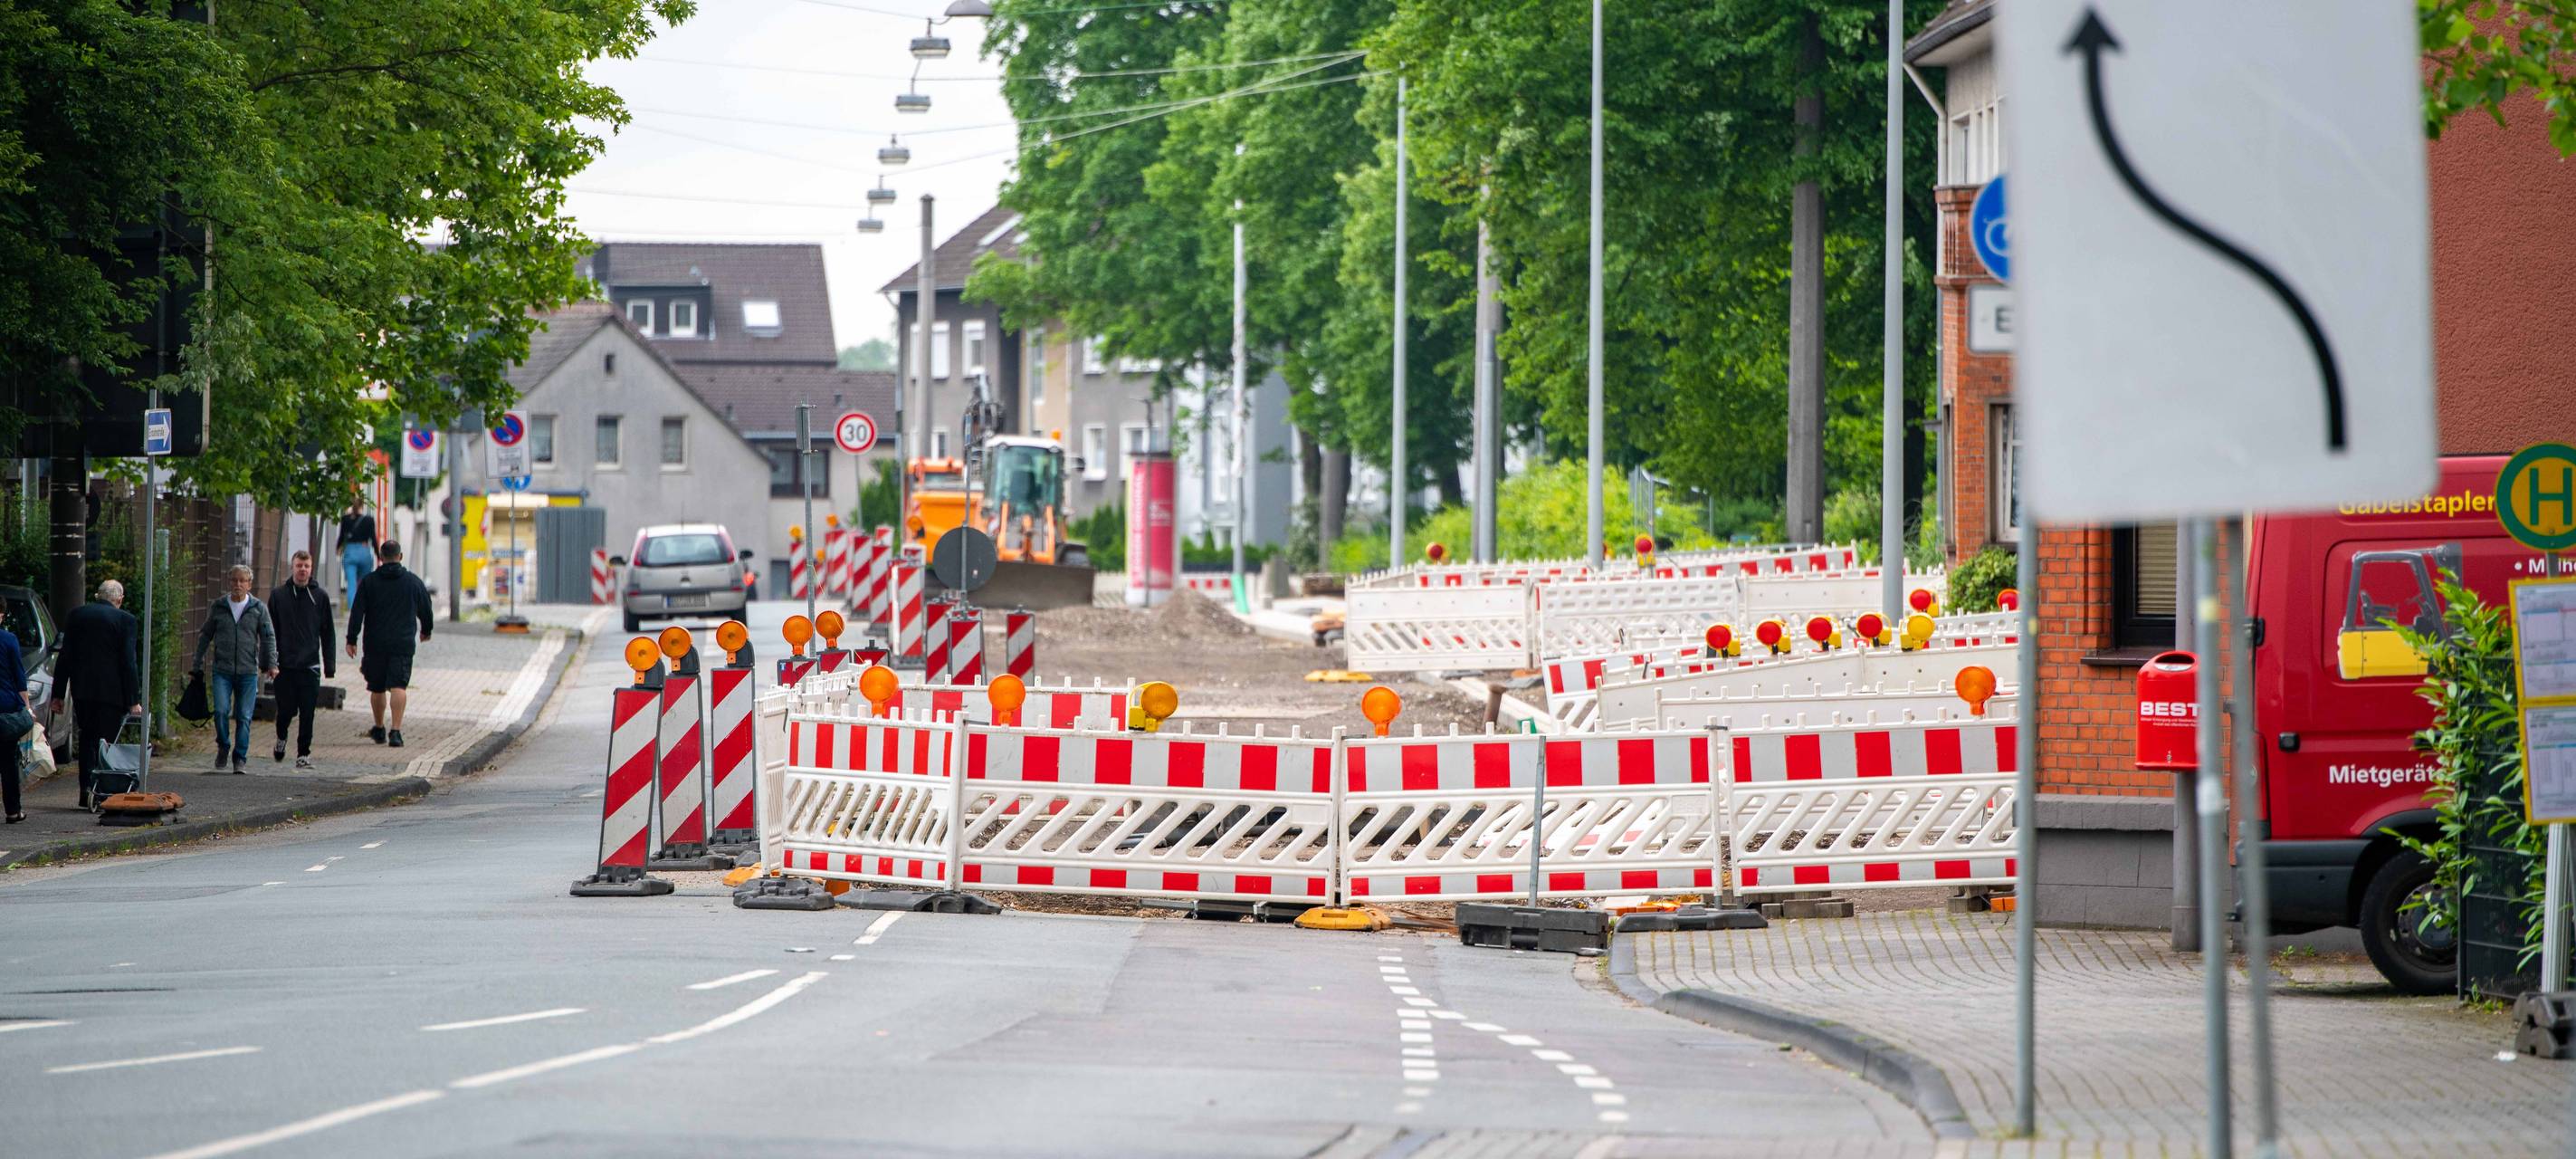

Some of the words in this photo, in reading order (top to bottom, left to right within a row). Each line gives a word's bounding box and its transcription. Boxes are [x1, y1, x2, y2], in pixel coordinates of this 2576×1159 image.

[844, 424, 867, 442] 30
[2530, 467, 2572, 525] H
[2141, 701, 2200, 717] BEST
[2329, 764, 2447, 787] Mietgerät
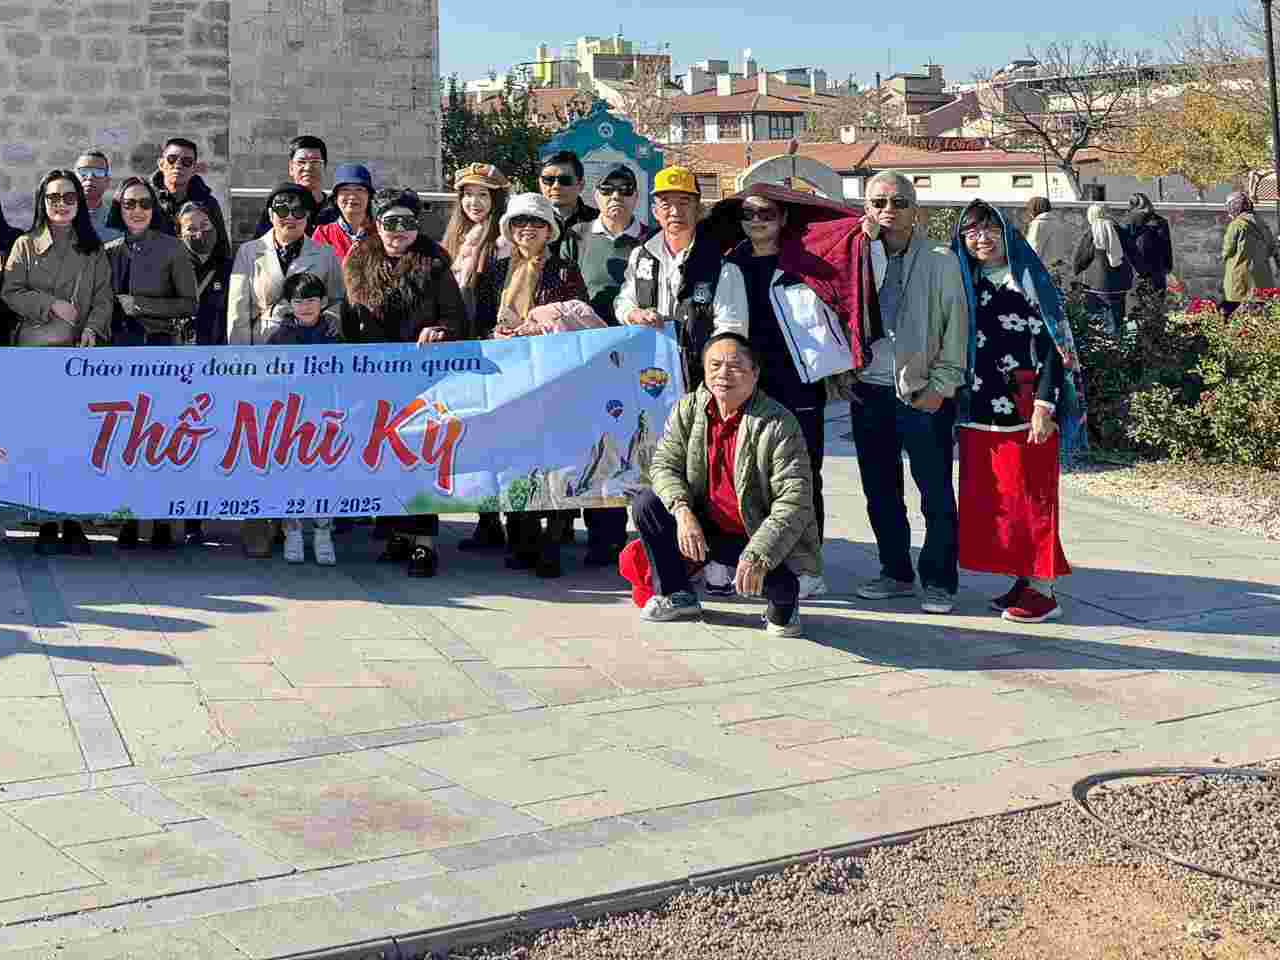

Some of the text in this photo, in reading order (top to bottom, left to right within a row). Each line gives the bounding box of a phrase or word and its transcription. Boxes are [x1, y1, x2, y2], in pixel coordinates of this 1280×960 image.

[266, 356, 295, 375] du
[352, 354, 414, 375] tham
[421, 356, 481, 377] quan
[86, 391, 217, 476] Thổ
[219, 391, 352, 476] Nhĩ
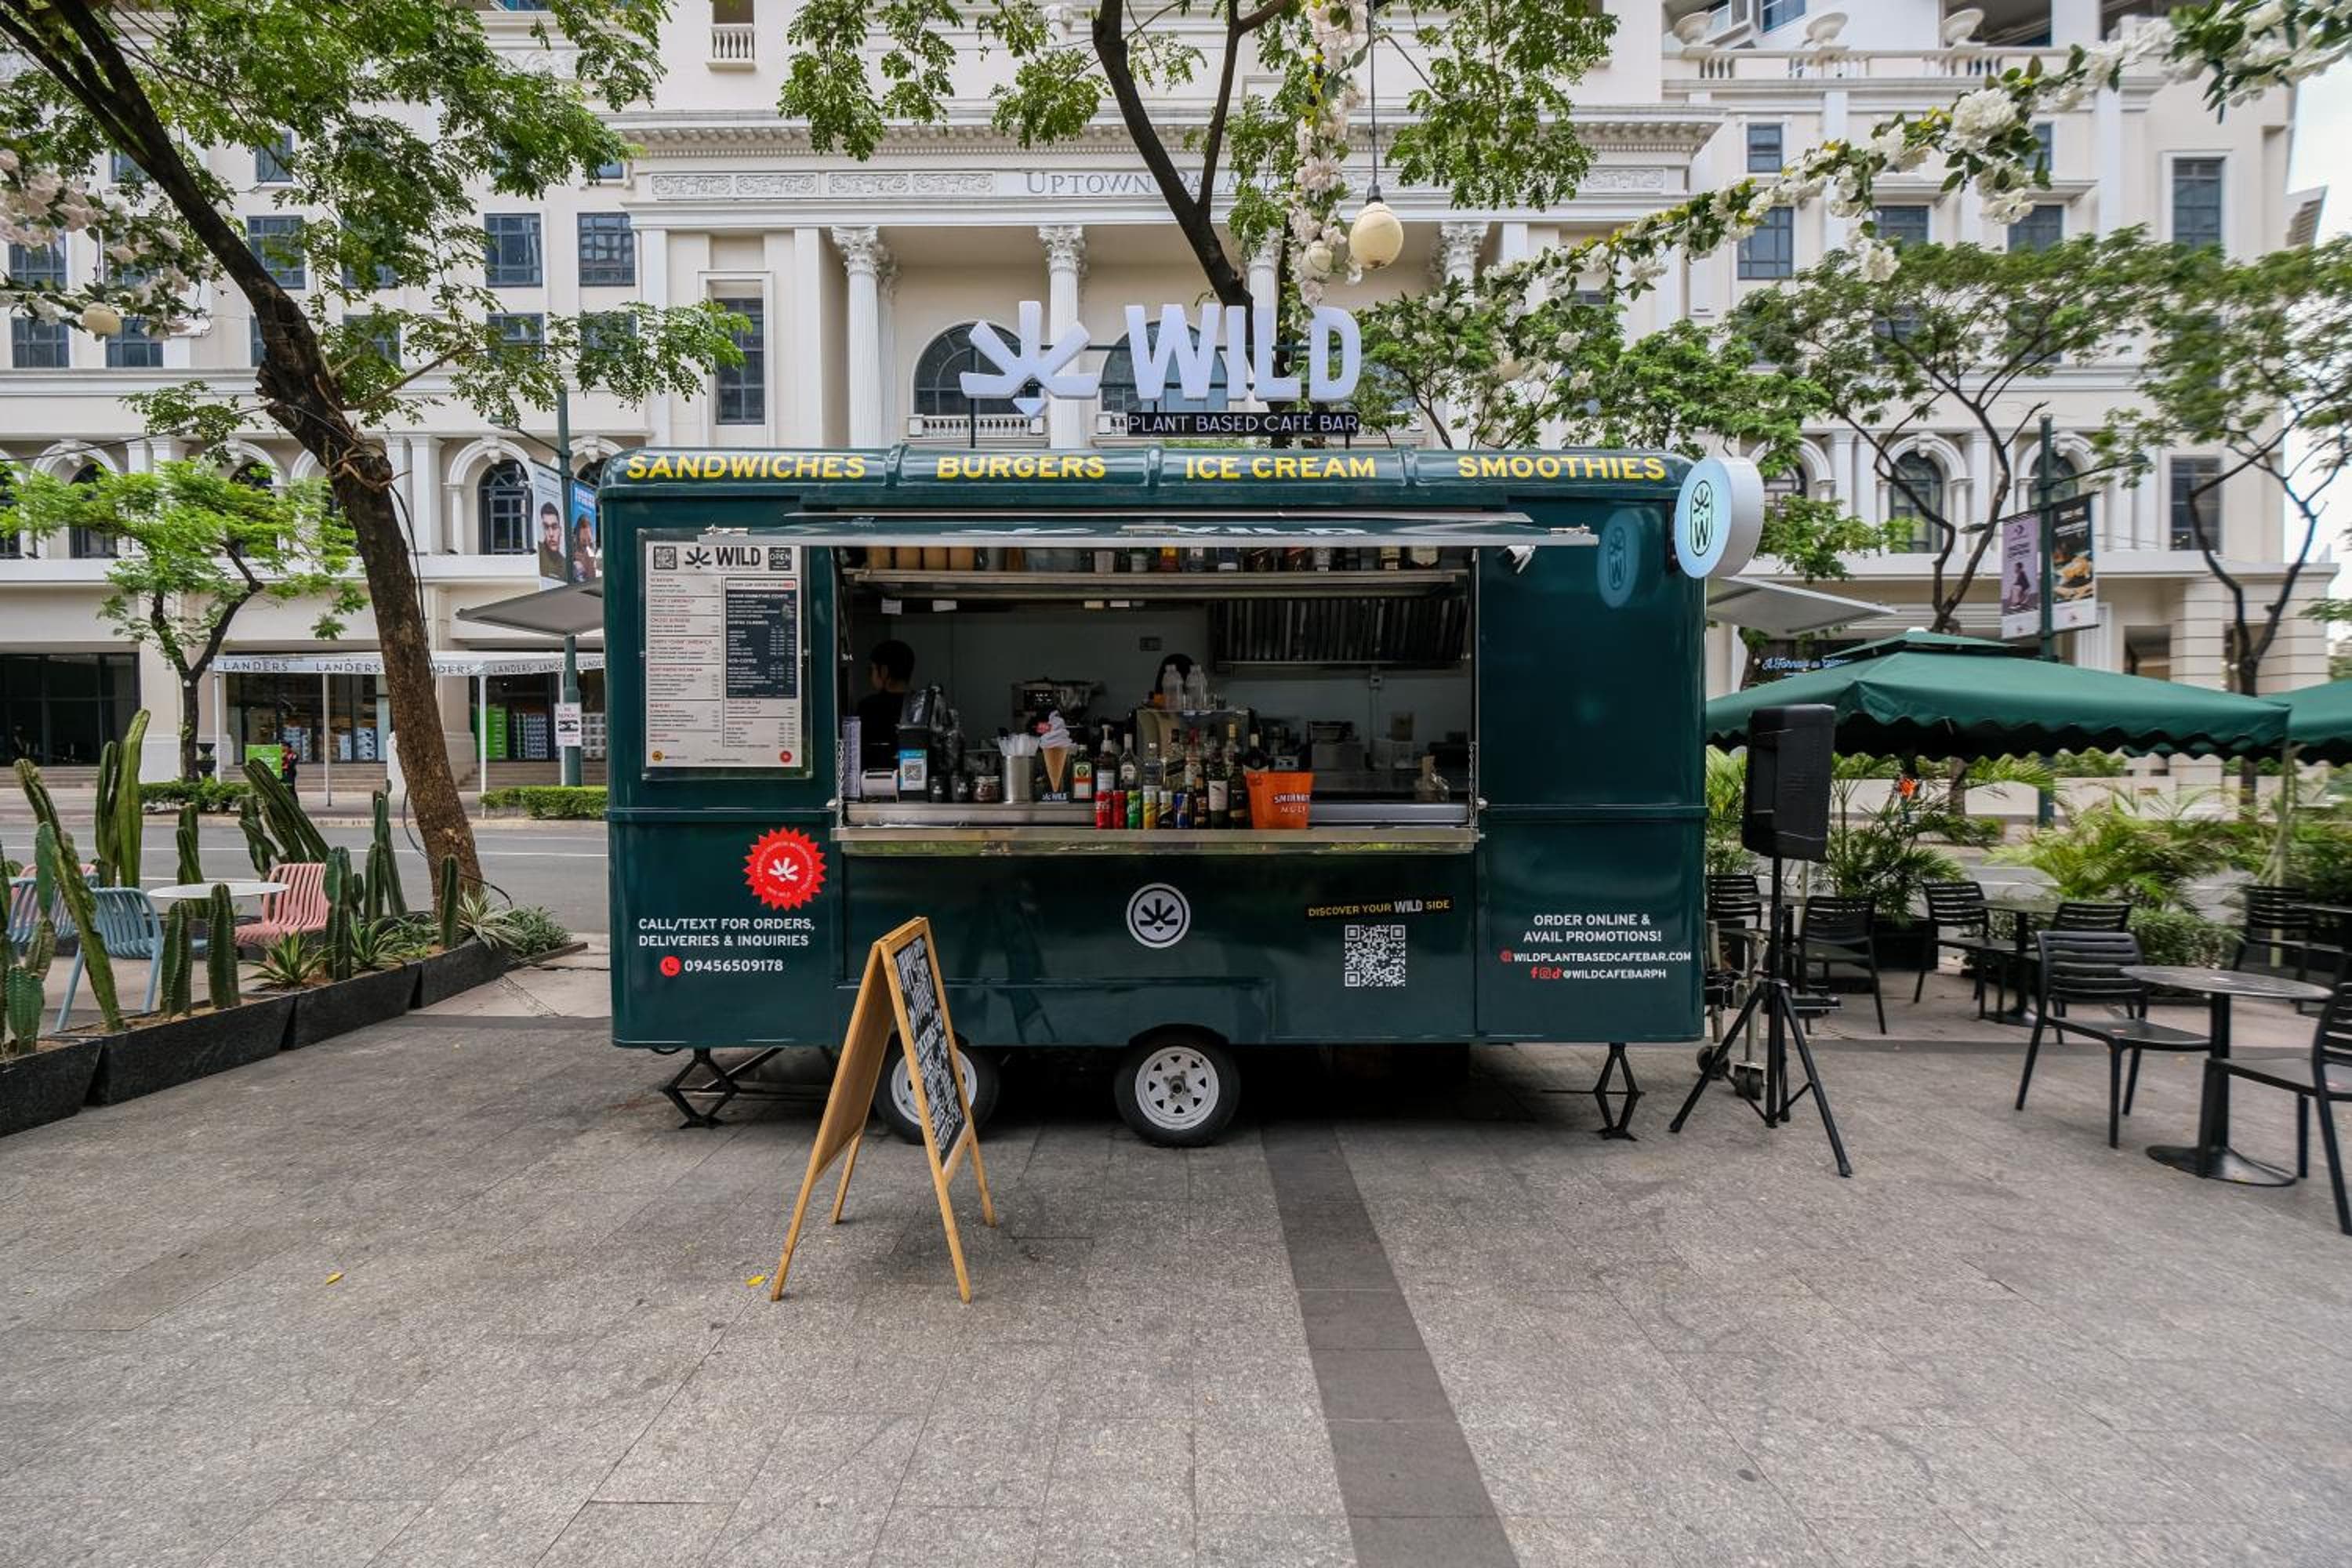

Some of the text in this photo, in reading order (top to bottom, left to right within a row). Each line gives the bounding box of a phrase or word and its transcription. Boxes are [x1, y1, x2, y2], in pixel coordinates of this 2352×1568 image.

[1025, 172, 1152, 194] UPTOWN
[1125, 303, 1361, 402] WILD
[1128, 415, 1359, 433] PLANT BASED CAFE BAR
[626, 456, 1668, 481] SANDWICHES BURGERS ICE CREAM SMOOTHIES
[1695, 517, 1709, 550] W
[716, 546, 761, 566] WILD
[223, 662, 289, 672] LANDERS
[316, 662, 381, 673] LANDERS
[493, 662, 532, 673] LANDERS
[539, 660, 564, 671] LANDE
[1308, 899, 1450, 916] DISCOVER YOUR WILD SIDE
[638, 918, 815, 931] CALL/TEXT FOR ORDERS,
[1534, 913, 1651, 926] ORDER ONLINE &
[638, 935, 809, 947] DELIVERIES & INQUIRIES
[1523, 931, 1662, 942] AVAIL PROMOTIONS!
[1514, 952, 1691, 963] WILDPLANTBASEDCAFEBAR.COM
[684, 960, 783, 972] 09456509178
[1563, 969, 1667, 979] @WILDCAFEBARPH

══════════════════════════════

Where the material contains pictures, leave them out and copy the rest verbatim.

Some of the words in this photo, in reading order (top to bottom, left to right within a row). Each line gives a word's bounding box and its transcription. Boxes are [x1, y1, x2, y2], in pixel coordinates of this 2576×1159 image.

[844, 424, 867, 442] 30
[2530, 467, 2572, 525] H
[2141, 701, 2200, 717] BEST
[2329, 764, 2447, 787] Mietgerät

Some of the text in this photo, in reading order (top to bottom, left to right within a row). Each line gives the bounding box of a phrase or word and its transcription. Boxes are [x1, y1, x2, y2], in pixel coordinates of this 1280×960 image.

[266, 356, 295, 375] du
[352, 354, 414, 375] tham
[421, 356, 481, 377] quan
[86, 391, 217, 476] Thổ
[219, 391, 352, 476] Nhĩ

Some of the text in this photo, in reading order (top to bottom, left to right within a row). Each line gives the bounding box of a phrase or word and its transcription. Boxes are [x1, y1, x2, y2], in pixel coordinates of this 2352×1568 image.

[1025, 172, 1152, 194] UPTOWN
[1125, 303, 1361, 402] WILD
[1128, 415, 1359, 433] PLANT BASED CAFE BAR
[626, 456, 1668, 481] SANDWICHES BURGERS ICE CREAM SMOOTHIES
[1695, 517, 1709, 550] W
[716, 546, 761, 566] WILD
[223, 662, 289, 672] LANDERS
[316, 662, 381, 673] LANDERS
[493, 662, 532, 673] LANDERS
[539, 660, 564, 671] LANDE
[1308, 899, 1450, 916] DISCOVER YOUR WILD SIDE
[638, 918, 815, 931] CALL/TEXT FOR ORDERS,
[1534, 913, 1651, 926] ORDER ONLINE &
[638, 935, 809, 947] DELIVERIES & INQUIRIES
[1523, 931, 1662, 942] AVAIL PROMOTIONS!
[1514, 952, 1691, 963] WILDPLANTBASEDCAFEBAR.COM
[684, 960, 783, 972] 09456509178
[1563, 969, 1667, 979] @WILDCAFEBARPH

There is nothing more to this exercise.